Table 3. Examples of predictions of the proposed models. Images have been enlarged for easy viewing.

5.3 Qualitative Analysis

In Table 3, we present the qualitative results of our models. We observe that the model trained with the hierarchy-based adjacency can classify not only simple images but also images that are challenging for humans to classify due to their low resolution (only \(32\times 32\)).

5.4 Ablation Study

We conducted an ablation study to assess the performance impact of various components in our proposed method. We compared our proposed architecture with a baseline model based on [9], which has four GatedGCN layers, a global average pooling for the readout layer, and an MLP similar to ours, but without normalization as in the original paper. Additionally, we tested the proposed architecture and graph creation method with a simple feature vector as used in [2, 9, 17], which consists of the concatenation of the average value for each color channel and the geometric centroid, to show that a more expressive feature set can enhance the performance of the task.

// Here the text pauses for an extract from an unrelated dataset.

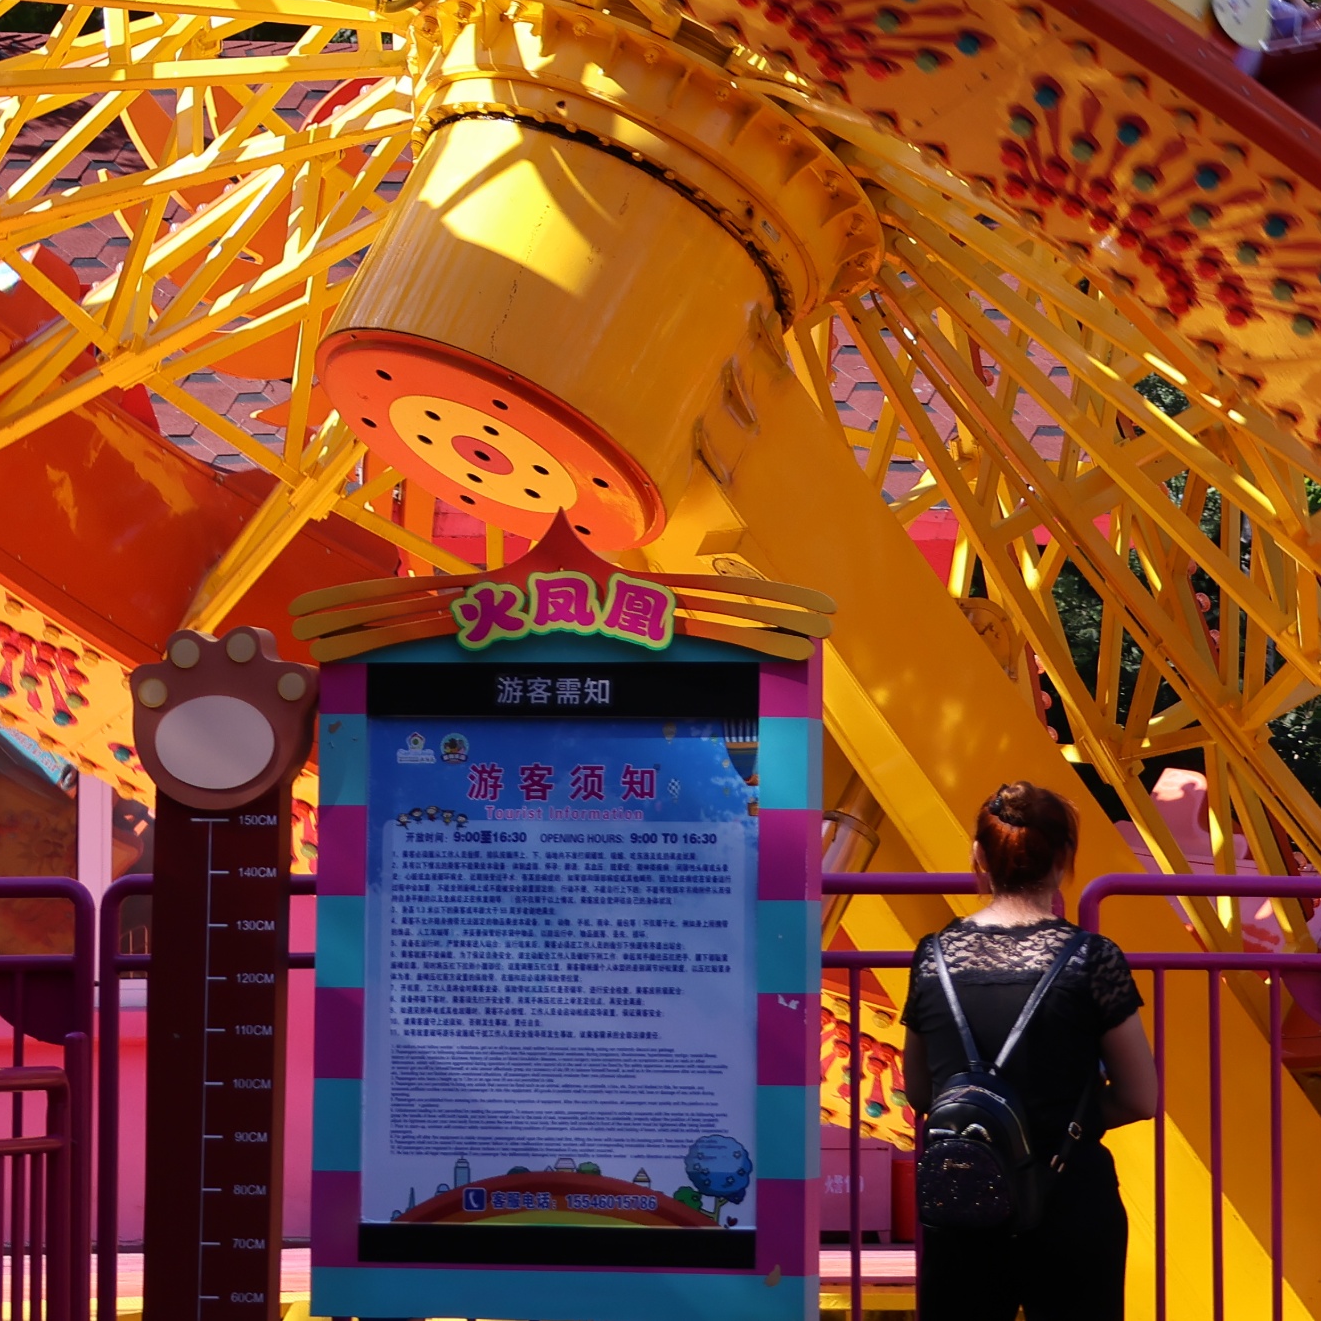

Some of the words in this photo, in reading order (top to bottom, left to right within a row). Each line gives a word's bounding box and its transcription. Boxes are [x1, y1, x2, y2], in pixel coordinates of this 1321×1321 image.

Table 4 shows the result of our ablation study. All modified models showed degradation in accuracy compared to their originals, proving the benefits of both the proposed architecture and used features.

Table 4. Performance of the ablation study to assess how changes in the proposed method affect performance. HGCIC\(_{\bullet }^{5F}\) are the models with the proposed architecture trained with the simpler 5D feature vector, and G4GCN\(_{\bullet }\) are trained with the full set of features and four GatedGCN layers.

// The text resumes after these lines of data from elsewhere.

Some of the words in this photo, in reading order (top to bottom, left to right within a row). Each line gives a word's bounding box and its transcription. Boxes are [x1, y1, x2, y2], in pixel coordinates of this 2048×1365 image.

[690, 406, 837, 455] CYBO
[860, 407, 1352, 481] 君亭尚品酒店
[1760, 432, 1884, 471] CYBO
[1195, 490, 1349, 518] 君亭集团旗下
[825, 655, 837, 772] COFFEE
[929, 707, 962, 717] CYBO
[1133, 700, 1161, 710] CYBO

Out of all the models tested, the ones using architecture proposed in [9] showed the most significant decrease in accuracy. This was due to the limited capacity of the architecture to learn complex features from the data. Specifically, the four layers in this architecture were deemed insufficient for the graph-learned embeddings to converge, resulting in poor representations in the final GNN layer.

Among the models trained with the simpler 5D feature vector, the one with the highest accuracy was the model trained with complete graph adjacency. The superior performance of this model was because the distance between vertices is not a reliable indicator of segment differences. As a result, the model gave similar weightage to all neighbors in the message-passing, consequently prioritizing more neighbors to perform the feature aggregation. Similar behavior also occurred in experiments with the [9] architecture, where the hierarchy adjacency caused relevant vertices to be farther away from others. Again, the four layers are insufficient for the information to propagate throughout the graph.

6 Conclusion

This work introduces a new approach for constructing graphs from images using hierarchical segmentation methods. Additionally, it presents a new model called HGCIC, which has been trained using graphs obtained from hierarchical segmentation in three different adjacency setups. The proposed model has demonstrated remarkable results by incorporating variable depth, hierarchical relationships through edges, and well-defined features. The implications of this research are exciting and could have a far-reaching impact on various applications that rely on graph-image analysis.

Although the results were slightly inferior, they still showed promise. The proposed approach utilizes significantly smaller graphs than those in previous works, and the proposed GCN architecture contains fewer parameters yet still delivers promising results. Moreover, the ablative study confirmed the hypothesis that the choice of architecture and features positively impacted the model’s overall performance. These findings highlight the potential of the proposed approach as a more efficient and effective means of graph construction and analysis.

In future works, we plan to investigate the impact of attention mechanisms on our approach. Additionally, we aim to conduct a more in-depth analysis of the relationship between the number of vertices and model performance while exploring multiple graph relations.